Work item: Only the pictures stay out; every record is to be quoted exactly.

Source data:
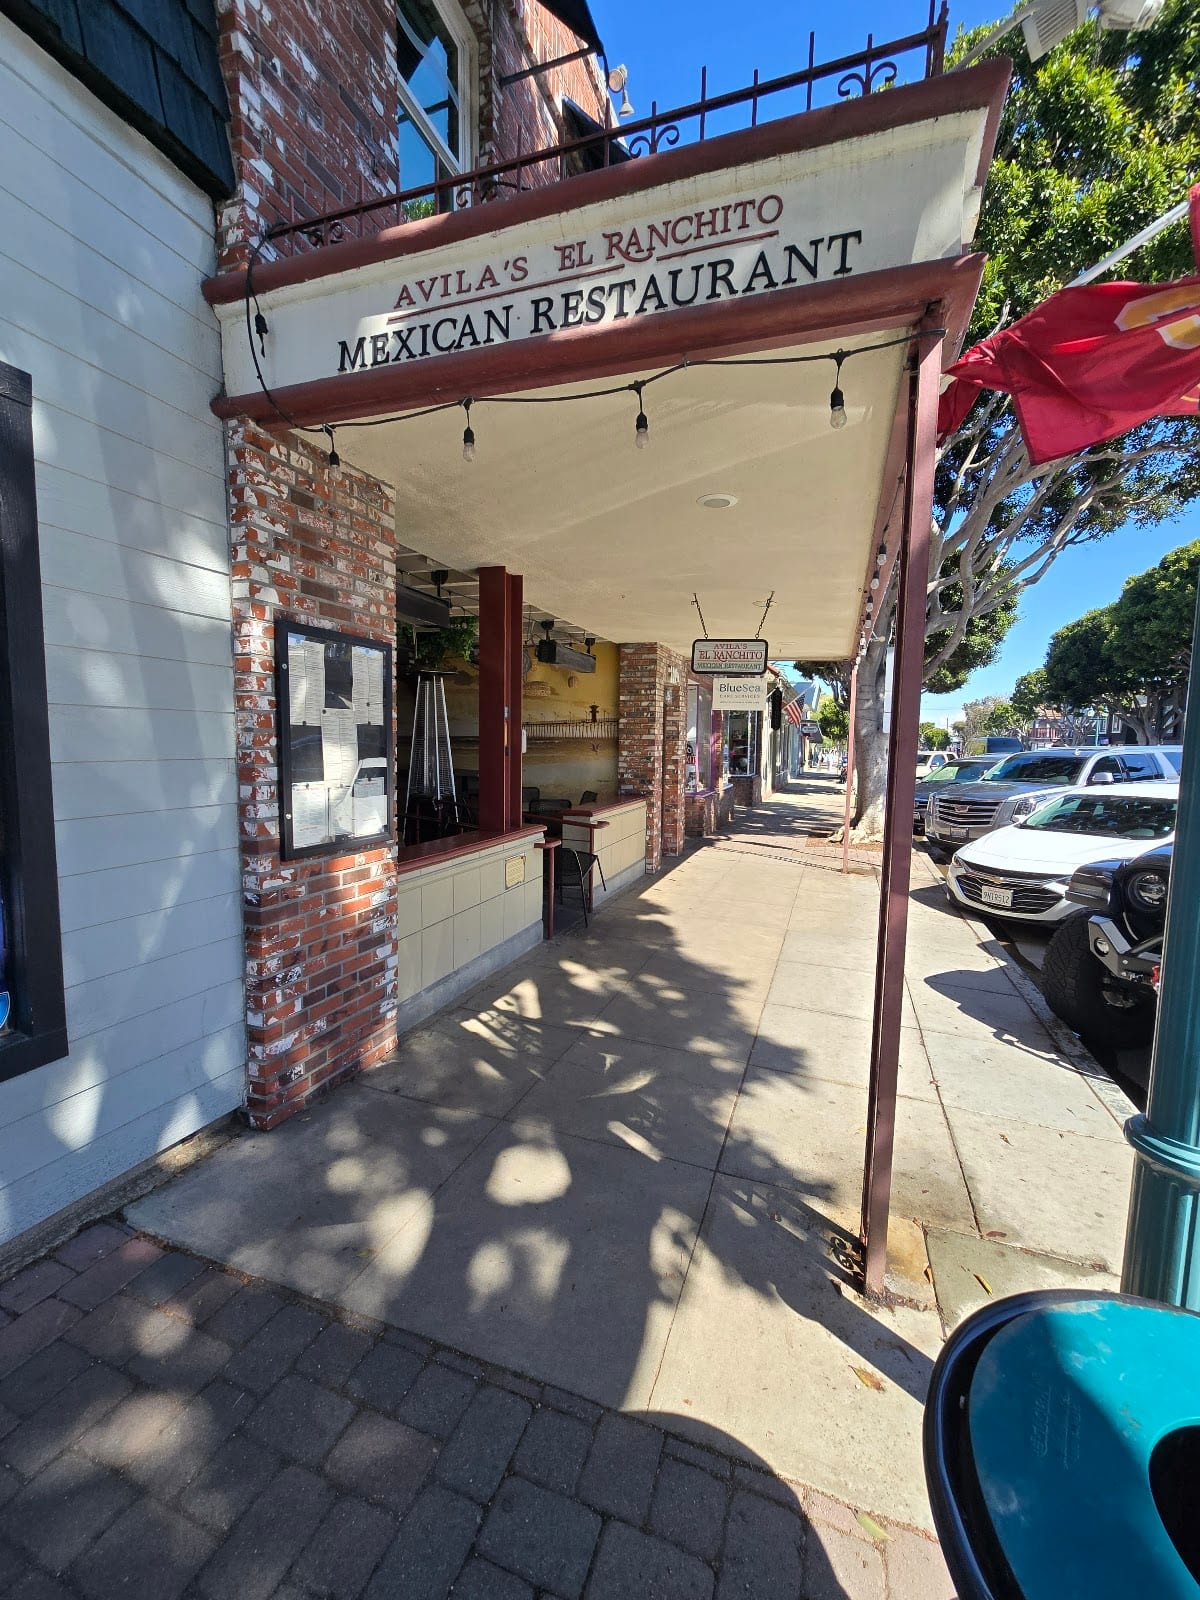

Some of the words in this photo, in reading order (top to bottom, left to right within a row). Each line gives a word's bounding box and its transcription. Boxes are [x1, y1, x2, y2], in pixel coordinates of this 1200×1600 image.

[393, 257, 530, 310] AVILA'S
[554, 246, 593, 272] EL
[602, 194, 783, 264] RANCHITO
[337, 304, 511, 374] MEXICAN
[529, 230, 863, 336] RESTAURANT
[699, 650, 711, 660] EL
[713, 650, 763, 662] RANCHITO
[719, 683, 761, 693] BlueSea

Result of this task:
Some of the words in this photo, in reading order (top to bottom, left to right within a row). Each line gives a word's bounding box and its transcription. Boxes are [x1, y1, x2, y2], in pixel coordinates of this 1200×1600 image.

[393, 257, 530, 310] AVILA'S
[554, 246, 593, 272] EL
[602, 194, 783, 264] RANCHITO
[337, 304, 511, 374] MEXICAN
[529, 230, 863, 336] RESTAURANT
[699, 650, 711, 660] EL
[713, 650, 763, 662] RANCHITO
[719, 683, 761, 693] BlueSea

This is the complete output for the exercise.